■ **Activity**: Would you please set down the entries below exactly as shown?

Free-text object descriptions
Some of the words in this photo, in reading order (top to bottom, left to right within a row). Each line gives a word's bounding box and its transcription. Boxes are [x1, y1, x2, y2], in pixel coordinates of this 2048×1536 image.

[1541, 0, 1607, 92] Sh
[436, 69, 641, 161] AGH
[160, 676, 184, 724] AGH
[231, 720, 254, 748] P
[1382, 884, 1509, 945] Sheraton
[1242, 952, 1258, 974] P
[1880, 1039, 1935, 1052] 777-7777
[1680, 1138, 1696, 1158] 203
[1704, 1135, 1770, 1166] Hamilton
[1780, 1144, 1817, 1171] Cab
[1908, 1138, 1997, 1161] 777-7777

■ **Exercise response**:
Some of the words in this photo, in reading order (top to bottom, left to right within a row). Each line gives a word's bounding box and its transcription. Boxes are [x1, y1, x2, y2], in pixel coordinates of this 2048×1536 image.

[1541, 0, 1607, 92] Sh
[436, 69, 641, 161] AGH
[160, 676, 184, 724] AGH
[231, 720, 254, 748] P
[1382, 884, 1509, 945] Sheraton
[1242, 952, 1258, 974] P
[1880, 1039, 1935, 1052] 777-7777
[1680, 1138, 1696, 1158] 203
[1704, 1135, 1770, 1166] Hamilton
[1780, 1144, 1817, 1171] Cab
[1908, 1138, 1997, 1161] 777-7777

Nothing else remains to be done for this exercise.